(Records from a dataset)
Segment Open
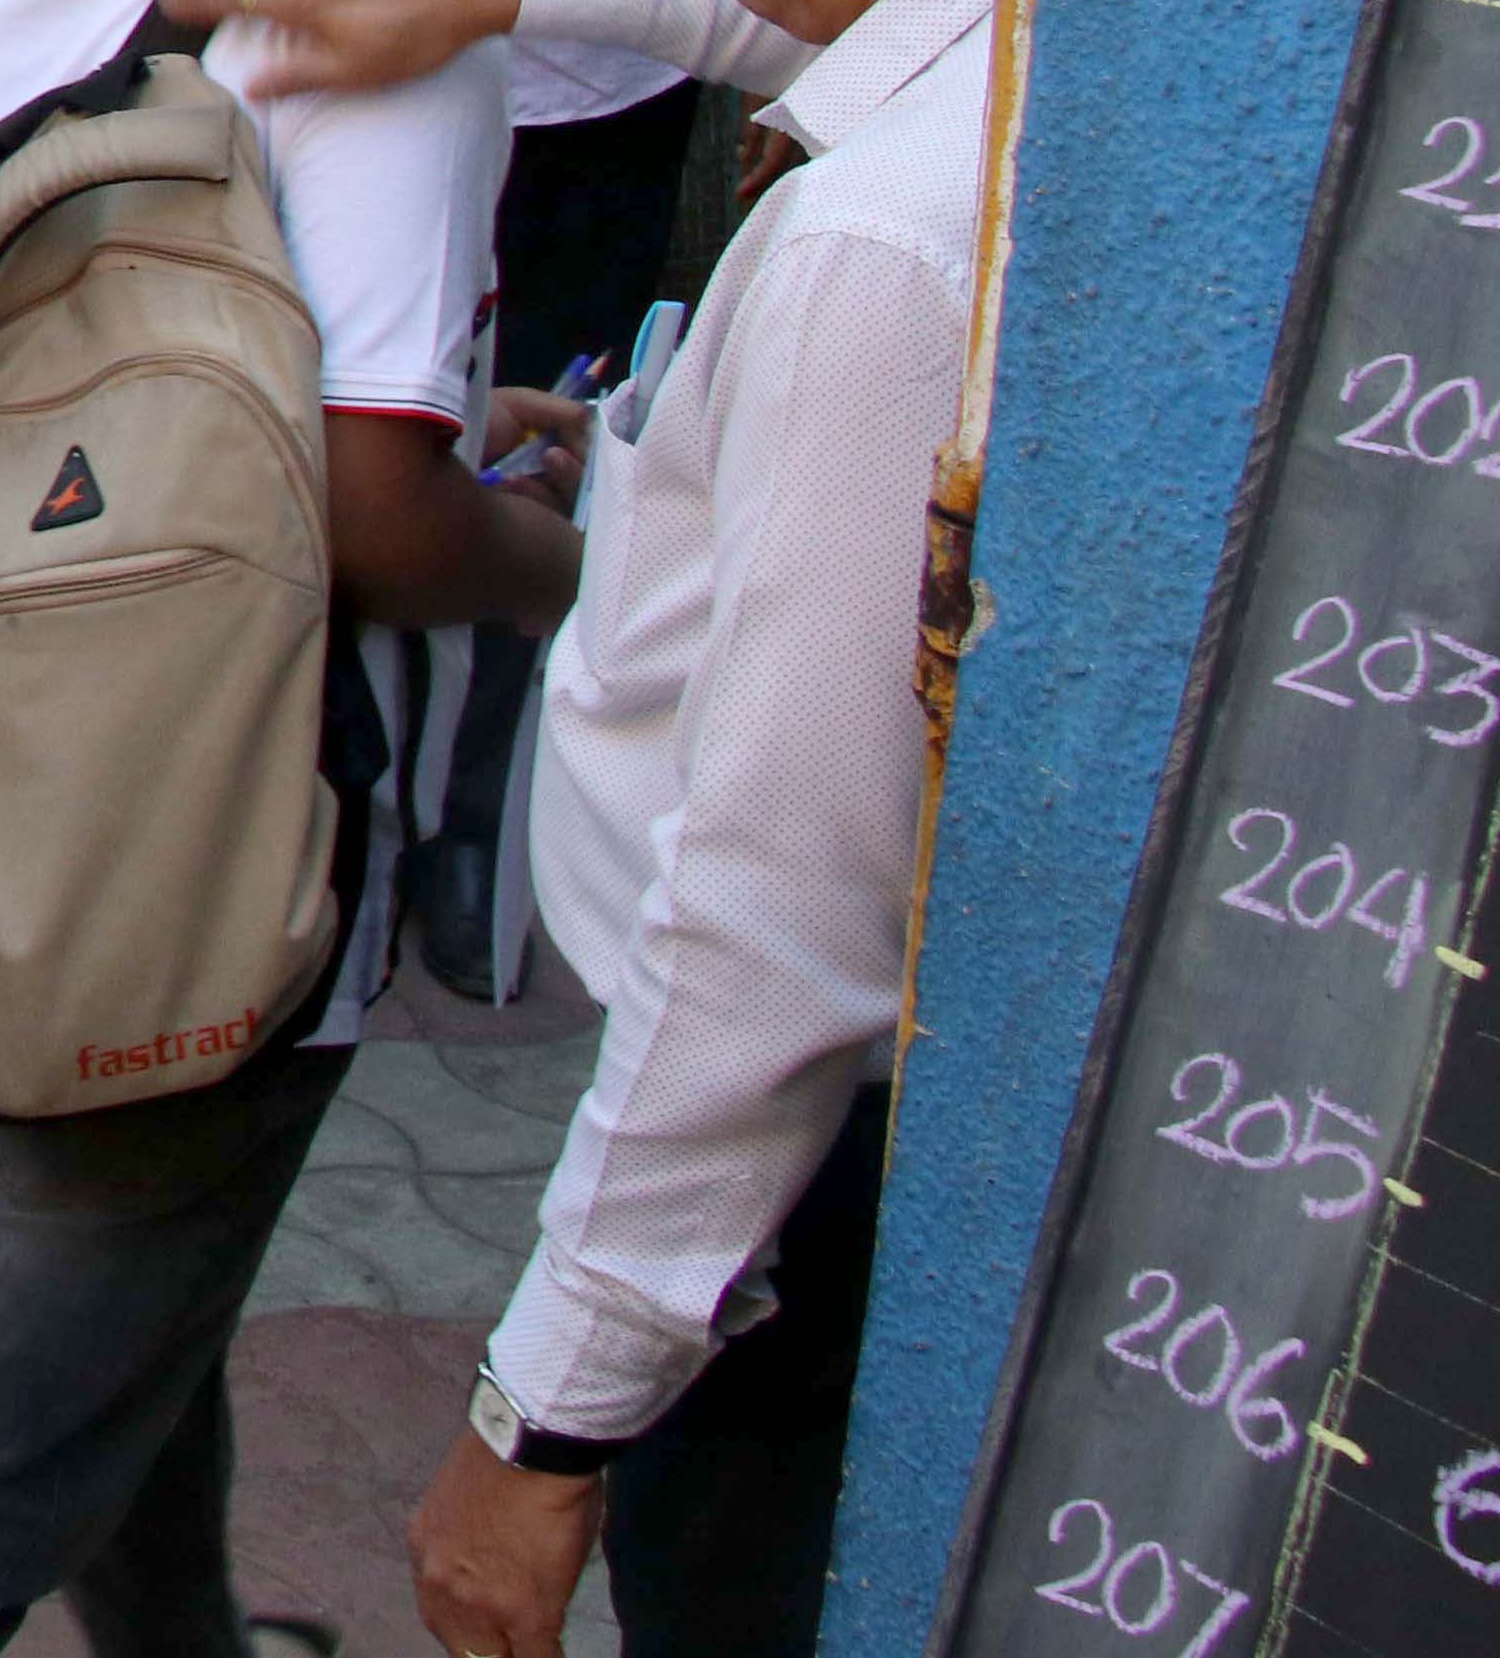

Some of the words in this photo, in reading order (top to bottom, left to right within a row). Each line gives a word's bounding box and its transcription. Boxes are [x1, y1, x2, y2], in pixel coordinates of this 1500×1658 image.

[1399, 114, 1500, 230] 2
[1272, 595, 1500, 747] 203
[1219, 807, 1430, 990] 204
[1155, 1052, 1382, 1222] 205
[1103, 1268, 1306, 1463] 206
[1033, 1499, 1253, 1658] 207
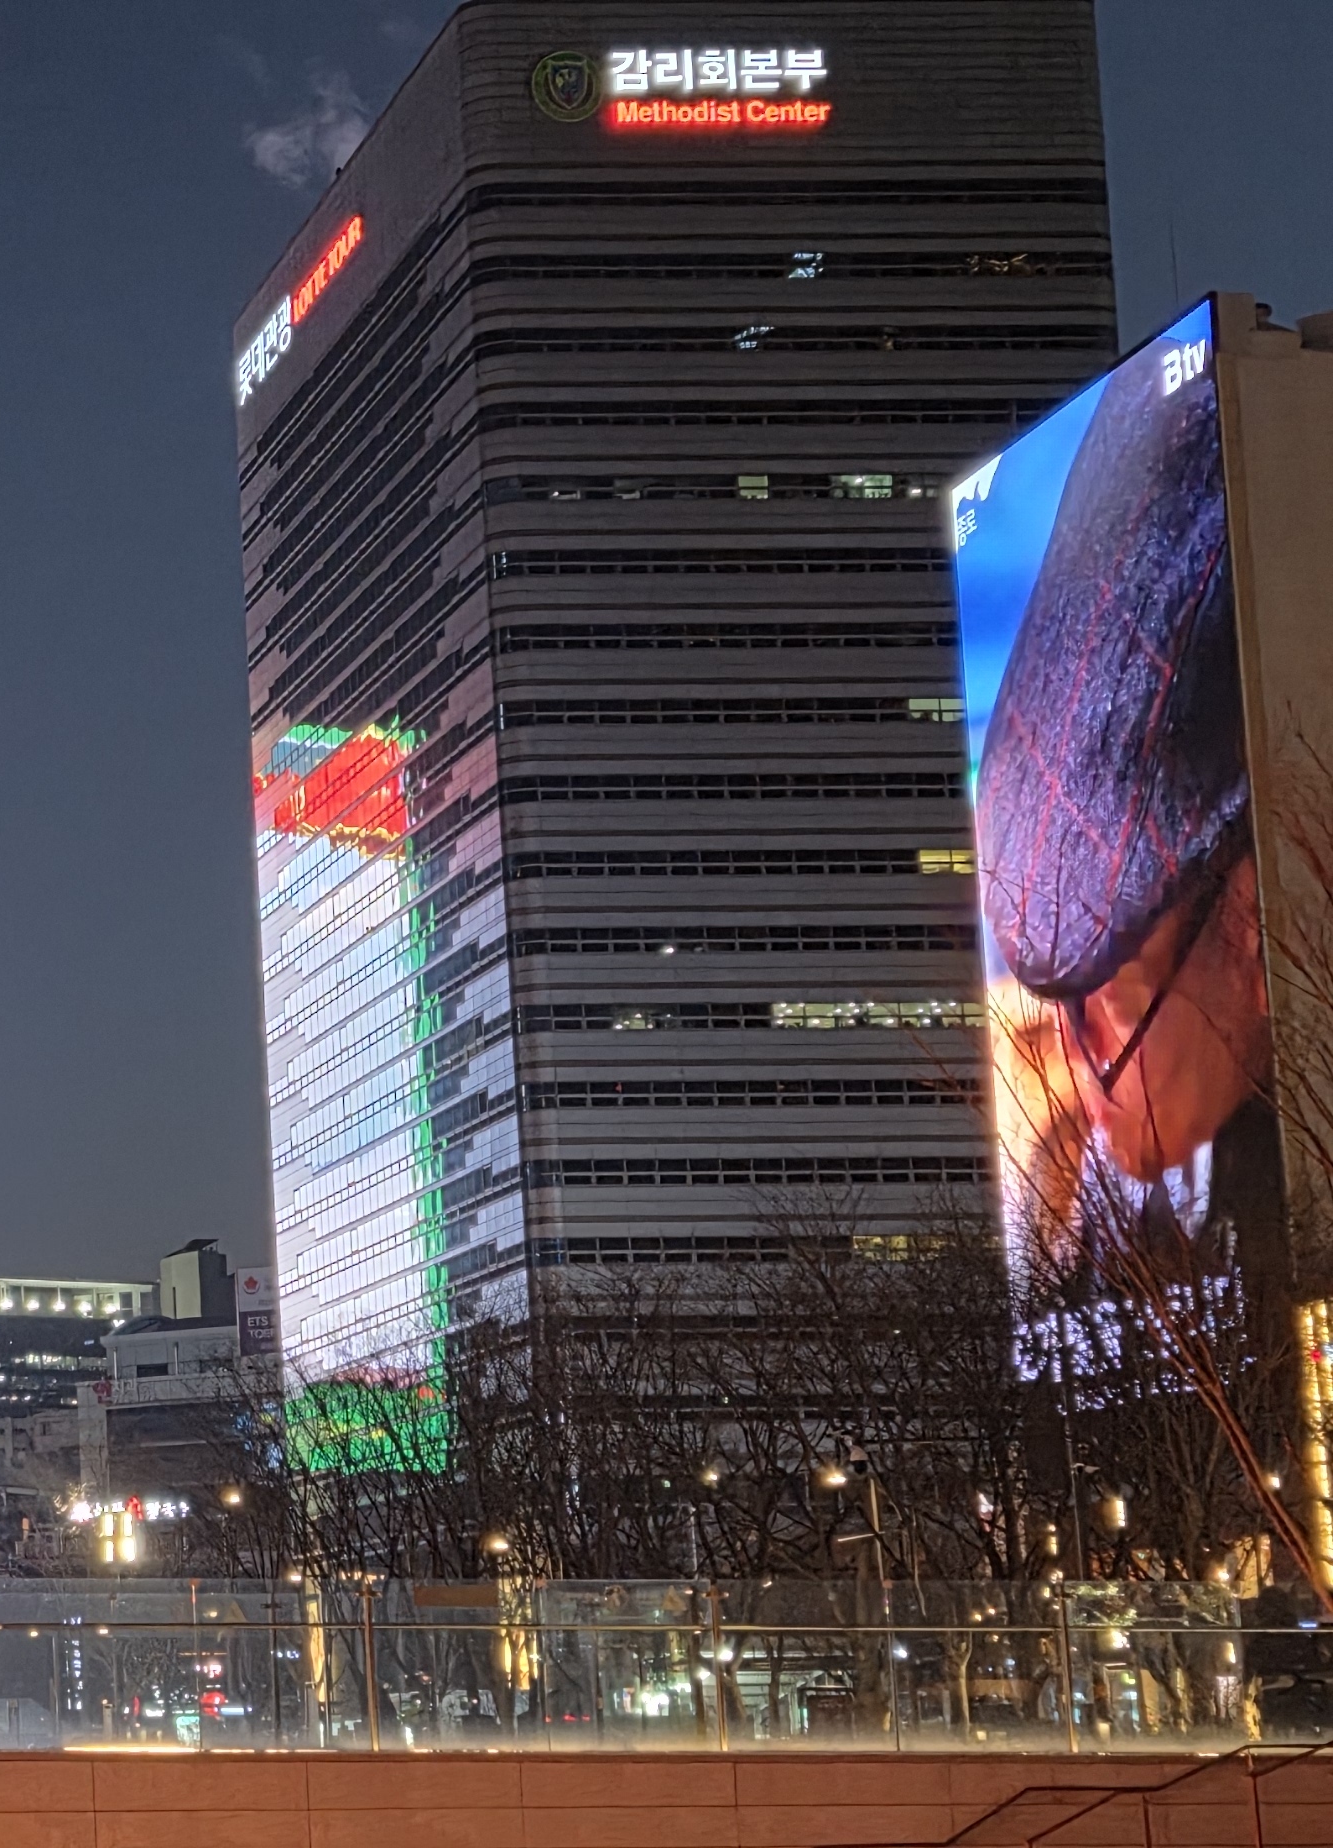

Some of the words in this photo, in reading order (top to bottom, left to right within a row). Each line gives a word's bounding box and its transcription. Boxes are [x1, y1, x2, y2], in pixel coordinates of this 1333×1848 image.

[611, 49, 828, 91] 감리회본부
[616, 100, 741, 123] Methodist
[746, 100, 831, 123] Center
[328, 214, 362, 276] TOUR
[238, 295, 293, 406] 롯데관광
[247, 1315, 269, 1328] ETS
Segment Closed
* THE TASK:
Exact repetition of the data is needed, with no images retained.

* RESPONSE TO THIS EXERCISE:
Some of the words in this photo, in reading order (top to bottom, left to right within a row). Each line gives a word's bounding box and its transcription. Boxes are [x1, y1, x2, y2], in pixel coordinates of this 1500×1658 image.

[1399, 114, 1500, 230] 2
[1272, 595, 1500, 747] 203
[1219, 807, 1430, 990] 204
[1155, 1052, 1382, 1222] 205
[1103, 1268, 1306, 1463] 206
[1033, 1499, 1253, 1658] 207

Some of the words in this photo, in reading order (top to bottom, left to right within a row). Each line gives a word's bounding box and its transcription. Boxes are [x1, y1, x2, y2], in pixel coordinates of this 1333×1848 image.

[611, 49, 828, 91] 감리회본부
[616, 100, 741, 123] Methodist
[746, 100, 831, 123] Center
[328, 214, 362, 276] TOUR
[238, 295, 293, 406] 롯데관광
[247, 1315, 269, 1328] ETS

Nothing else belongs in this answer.